TECHNOLOGY OVERVIEW

Neurons in the brain come in different types, based on the function and the location.  Every Neuron on the brain shares some fundamental characteristics:  it is an element that can compute, store and communicate.  The communication between the Neurons takes place through dendrites that connect the nerve cells.  The information that is communicated can take several forms, i.e. it could be computed locally by the Neuron, or a message relayed after “conditioning,” such as in the case of motor Neurons.

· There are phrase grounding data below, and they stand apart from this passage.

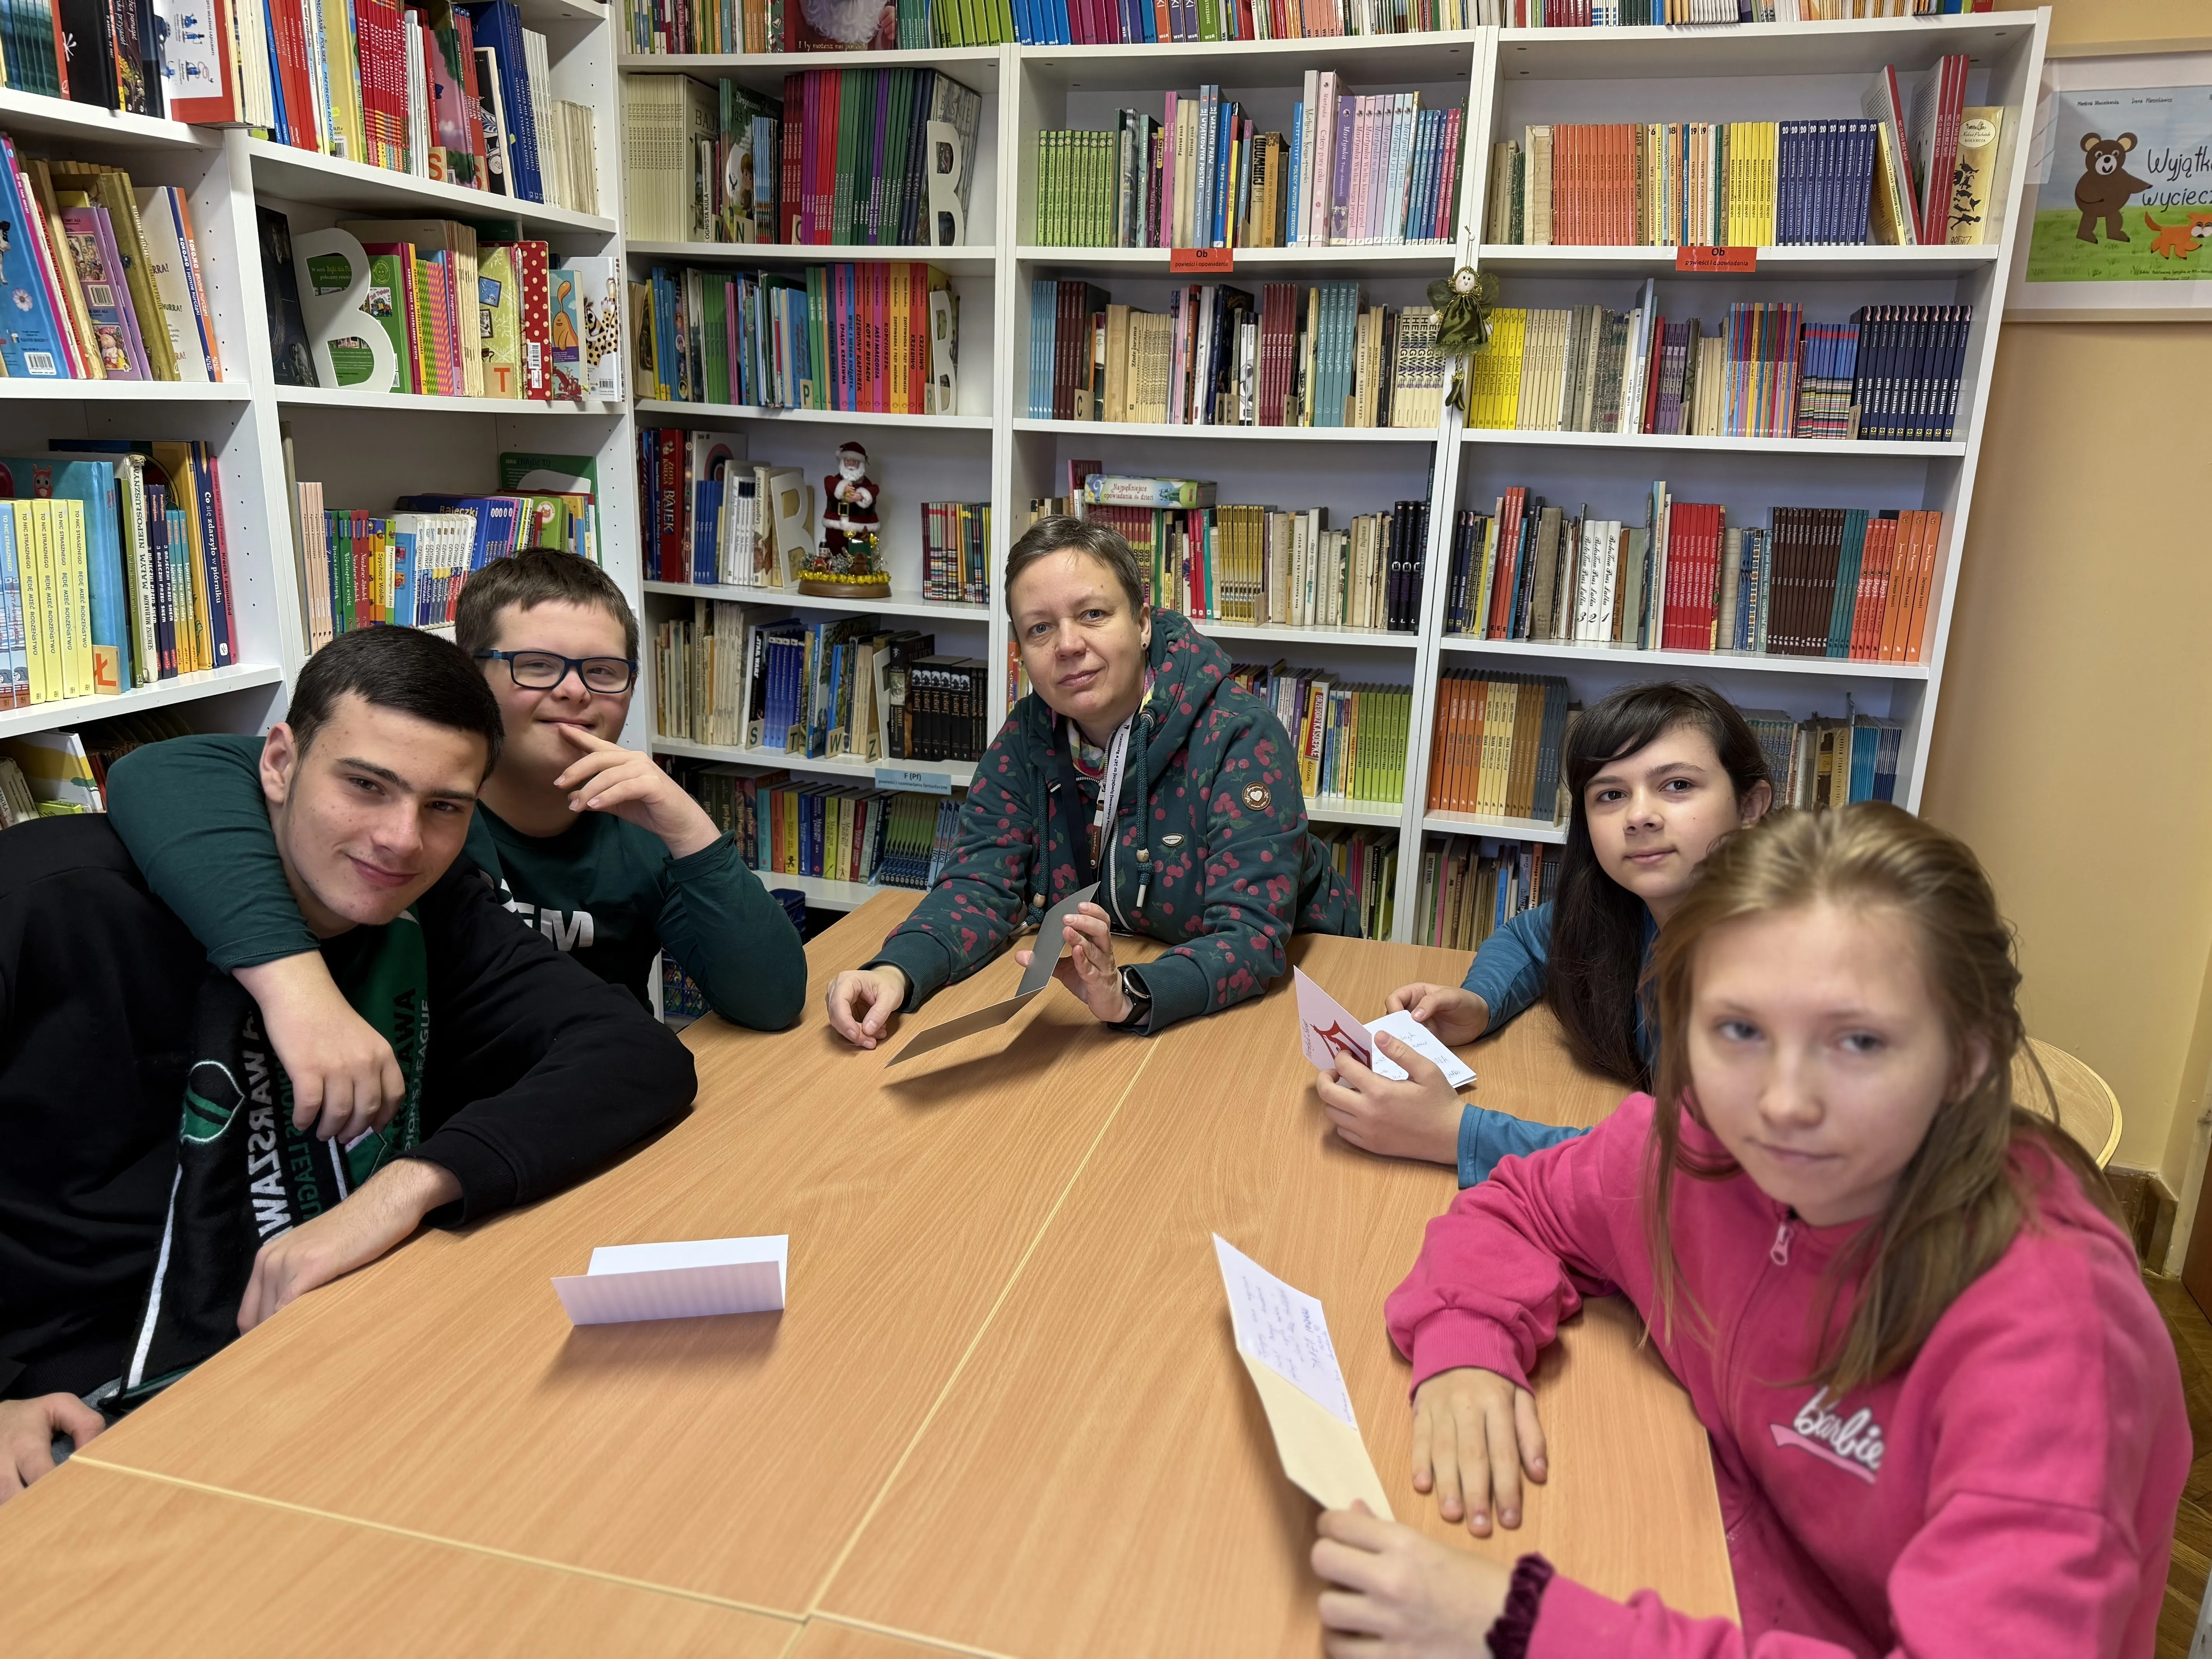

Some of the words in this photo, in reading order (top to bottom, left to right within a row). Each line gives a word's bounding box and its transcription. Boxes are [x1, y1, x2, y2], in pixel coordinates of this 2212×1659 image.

[127, 13, 138, 41] pomagać
[429, 153, 442, 181] S
[2147, 146, 2212, 181] Wyjątk
[927, 120, 964, 246] B
[737, 221, 744, 243] N
[1712, 248, 1725, 256] Ob
[153, 263, 169, 273] RRA!
[180, 237, 189, 267] KOKOJKO
[192, 291, 201, 315] kurczaki
[189, 239, 199, 268] KOKOJKO
[199, 292, 208, 316] kurczaki
[291, 228, 394, 393] B
[1398, 318, 1410, 379] HEMINGWAY
[1407, 318, 1419, 379] HEMINGWAY
[1416, 318, 1428, 379] HEMINGWAY
[495, 367, 510, 393] T
[1661, 367, 1669, 412] ARTYSTA
[803, 385, 810, 405] P
[1077, 395, 1082, 417] C
[204, 491, 210, 503] Co
[1113, 483, 1147, 493] Najpiękniejsze
[3, 515, 8, 524] TO
[133, 465, 146, 549] NIEPOSŁUSZNYM
[440, 505, 479, 517] Bajeczki
[663, 489, 675, 534] BAJEK
[207, 518, 216, 557] zdarzyło
[1582, 536, 1591, 567] Bolesław
[1607, 535, 1616, 565] Bolesław
[5, 534, 13, 572] STRASZNEGO
[1592, 536, 1601, 568] Bolesław
[141, 553, 149, 590] MAŁYM
[211, 566, 221, 604] piórniku
[1579, 585, 1587, 606] Lalka
[1589, 586, 1597, 607] Lalka
[1603, 586, 1611, 605] Lalka
[1577, 612, 1587, 622] 3
[1588, 613, 1597, 623] 2
[1601, 613, 1610, 622] 1
[94, 653, 117, 687] Ł
[1315, 695, 1323, 723] GRZEGORZ
[750, 727, 758, 745] S
[790, 732, 797, 750] T
[830, 733, 842, 753] W
[869, 738, 876, 759] Z
[1311, 723, 1320, 756] KASDEPKE
[910, 773, 921, 781] (Pf)

The fundamental building block of the Xceler processor is the “Digital Neuron.”  These Digital Neurons form synapses with each other dynamically or statically based on the computational context.  Just like in the Human Brain, some of the synapses are statically formed (memory and inferencing type functions) and some are dynamically formed (computation functions).

In the Xceler Engine Neurons can be intermixed with custom computation blocks and even small “ALU Like,” structures.  Our patent pending parsing and scheduling technology that plugs into the back end of a standard compiler front end can take any standard program that is written in C/C++ or other high-level language and maps it to the engine.

The current incarnation of the Engine is the patent pending Xceler Graph Processor. The engine can run graphs generated by the forward compile flow for standard processors such as ARM, x86 and others.

Unlike the “Tensor,” processing units, multi-core processors and systolic array processors that generally work well with DAGs (Directed Acyclic Graphs), the Xceler Engine works like a processor that can execute complex non-planar graphs, loops etc.  Our Non Von-neumann Architecture allows for a lot more flexibility on how we execute programs.

A graph or the sequence of actions (Sequencing Graph) in execution of an algorithm or a task has been in recent past dubbed as a “Tensor.”  However at a program level the graphs are not DAGs (Directed Acyclic Graphs) but complex non-planar graphs with multiple nodes and interconnects.  The Xceler architecture is able to exploit both spatial and temporal characteristics of the sequencing and control flow graphs.

The Xceler Architecture, based on the instance size forms between 100 million to 1 trillion unique synapses per second to perform computation.  Multiple engines can be interconnected to form a large “Neural Farms” to accomplish complex Neural behaviors

The synaptic connections morph every clock cycle.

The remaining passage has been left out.